Some retailers in the U.K. report that they have seen a substantial increase in trade-ins of PlayStation 3 consoles, with gamers either pocketing the cash or using it to buy an Xbox 360, reports Edge.

Here in the U.S., things are a little murkier. GameStop is slated to release its quarterly earnings next week, putting it in an SEC "quiet period" where it does not comment on activities that can affect its financial numbers -- including trade-in trends. The company could address the matter during a conference call with analysts next Thursday.

While the U.S. effects may be unclear, Edge reports some U.K. stores are seeing an increase of over 200 percent in PS3 console trades, mostly from core fans of online shooters like Call of Duty.

Sales of that title and soccer game FIFA 11, which also has a heavy online focus, have skewed towards the Xbox 360 overseas since the breach was announced.
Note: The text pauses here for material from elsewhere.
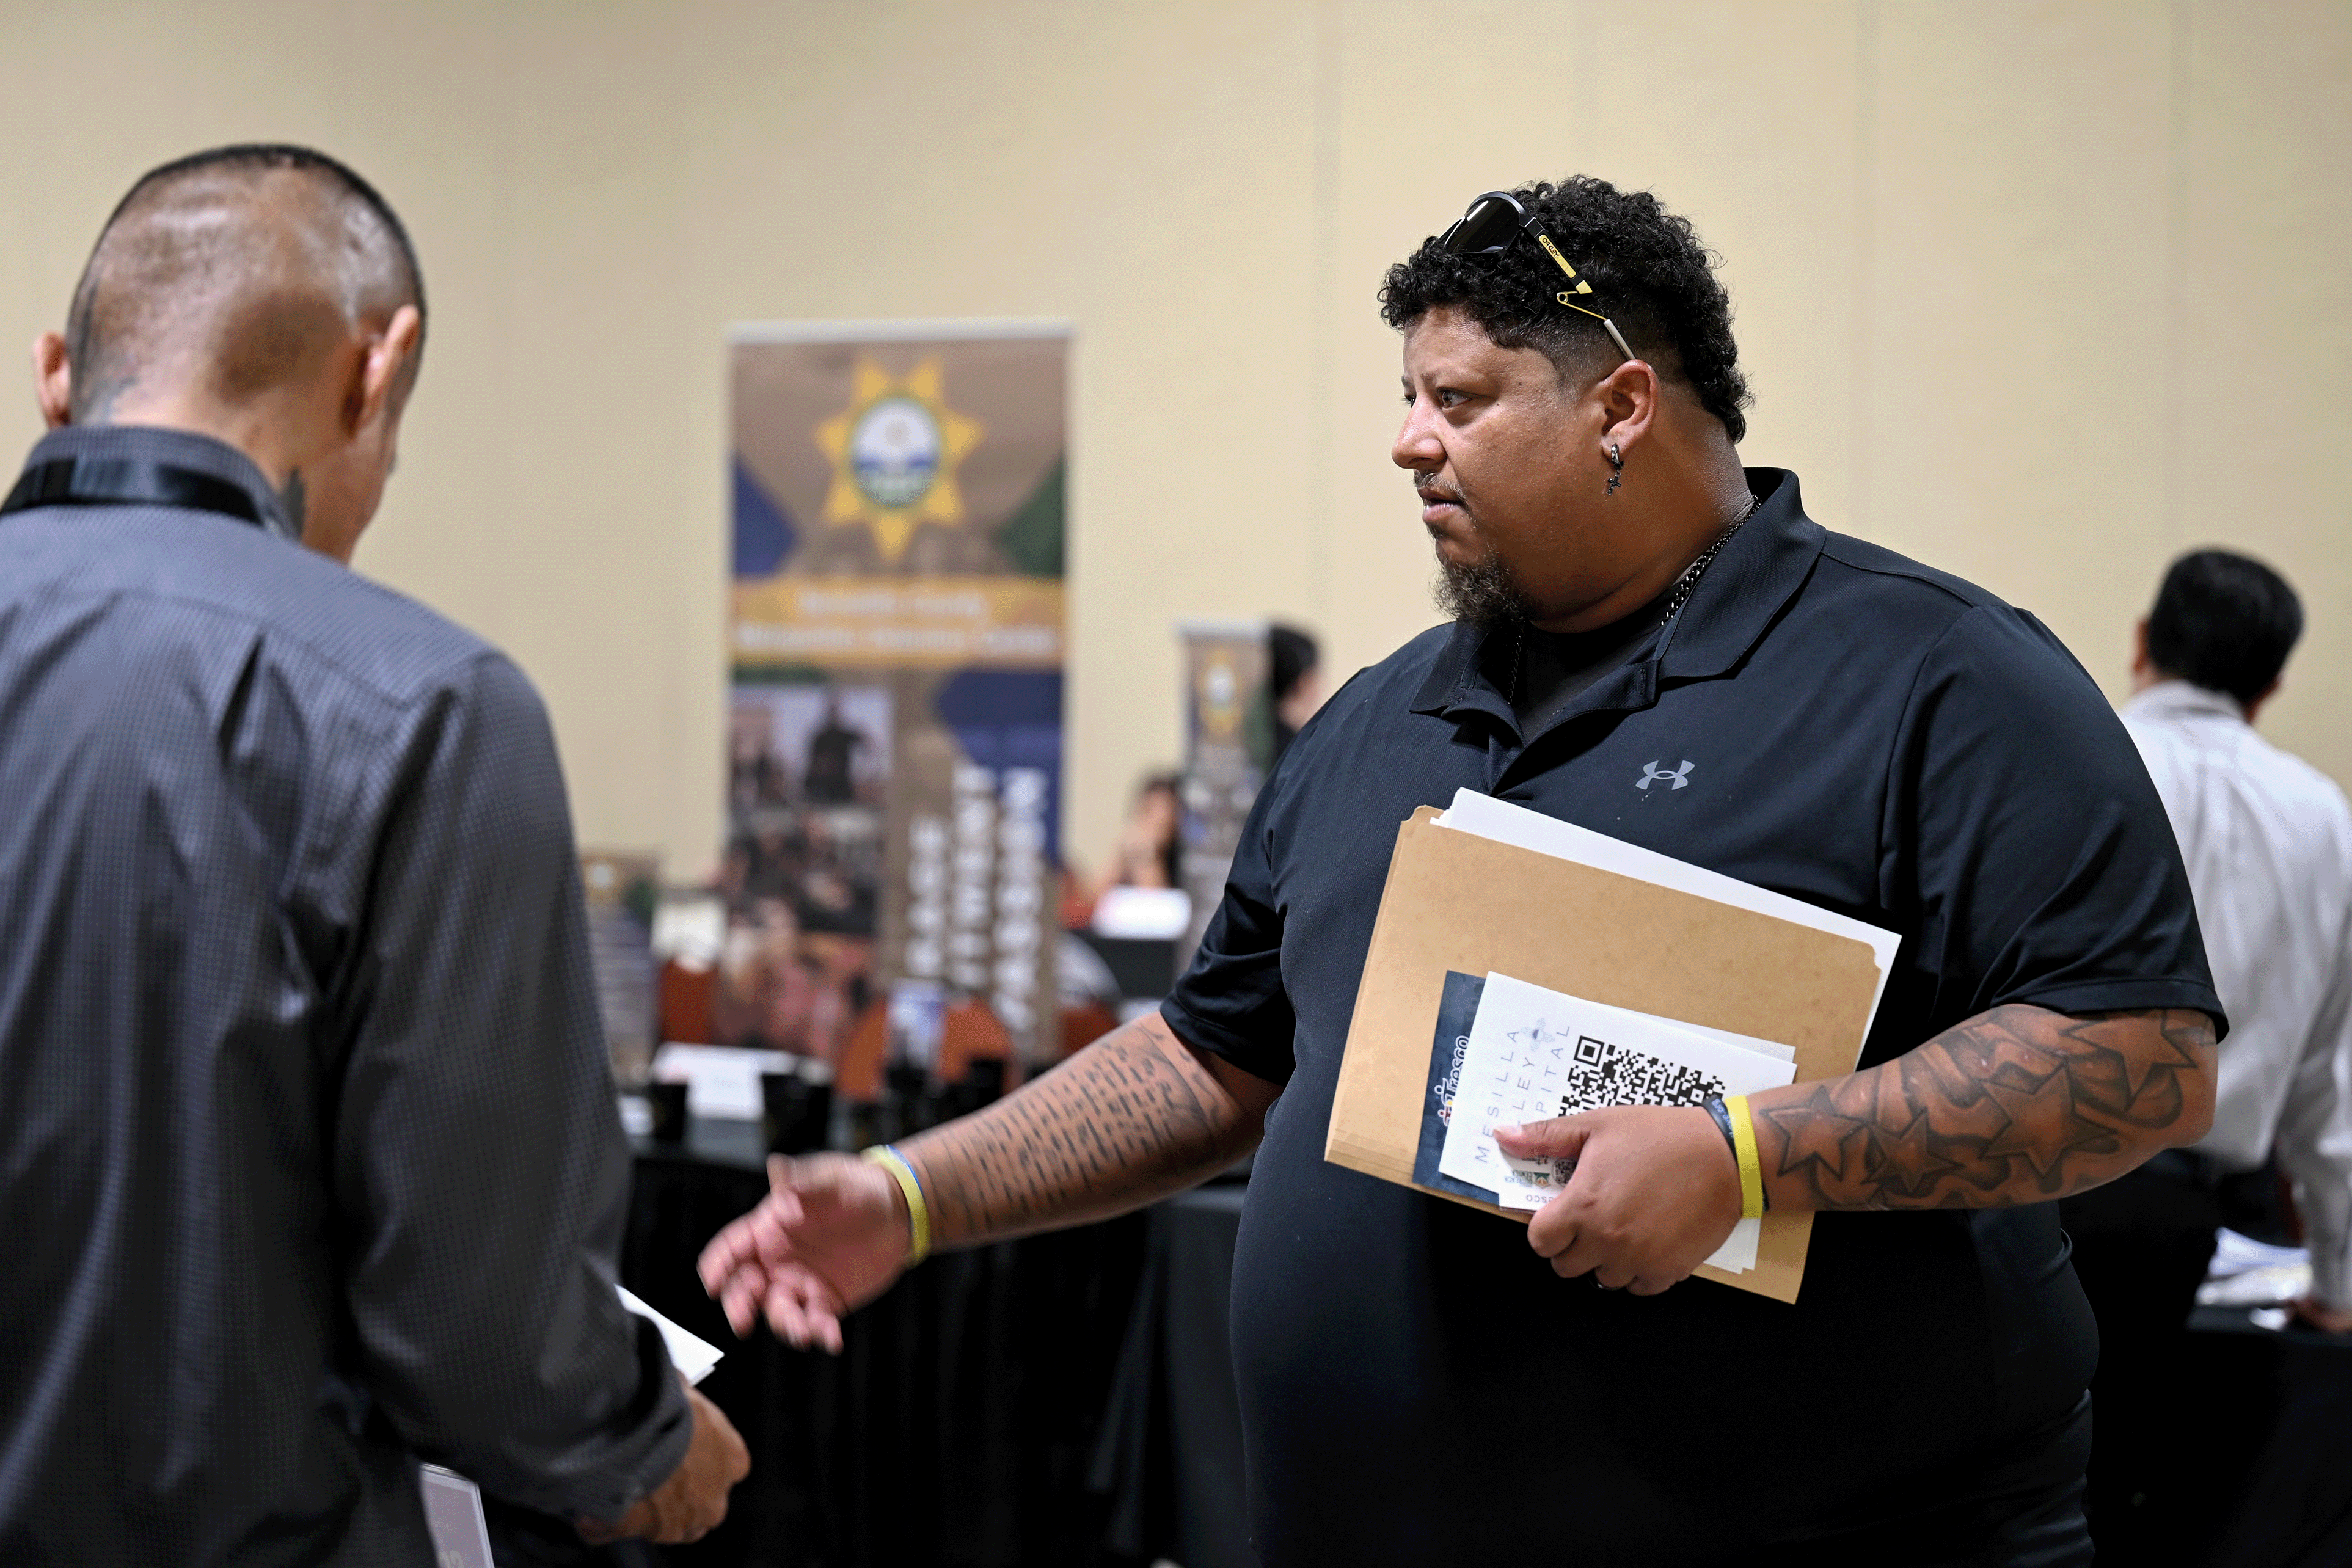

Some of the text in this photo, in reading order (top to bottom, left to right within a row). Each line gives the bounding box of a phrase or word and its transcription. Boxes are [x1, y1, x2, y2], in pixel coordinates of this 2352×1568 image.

Edge also reports that many consumers are canceling PS3 pre-orders of upcoming games and switching to the Xbox 360 version, though the publication's story is based on a relatively small sample of all U.K. retailers.

Completely walking away from a platform because of a few weeks of downtime is certainly reactionary -- and not something most owners are likely to do -- but the frustrations are obviously mounting.

"Xbox is starting to look better and better," said one commenter on the official Sony PlayStation blog after the latest announcement that the company was still unsure when the system would go back online.

Analysts note that online play is increasingly considered a critical element for players. In fact, they say, it's part of the reason that physical game sales continue to slide throughout the industry.

"We think that the shift of playing time in favor of multiplayer online (for games like Call of Duty, Halo and Battlefield) and co-op (for games like Portal 2) divert gamers' attention and available time away from considering new purchases, and have a deleterious effect on new game sales," says Michael Pachter of Wedbush Securities.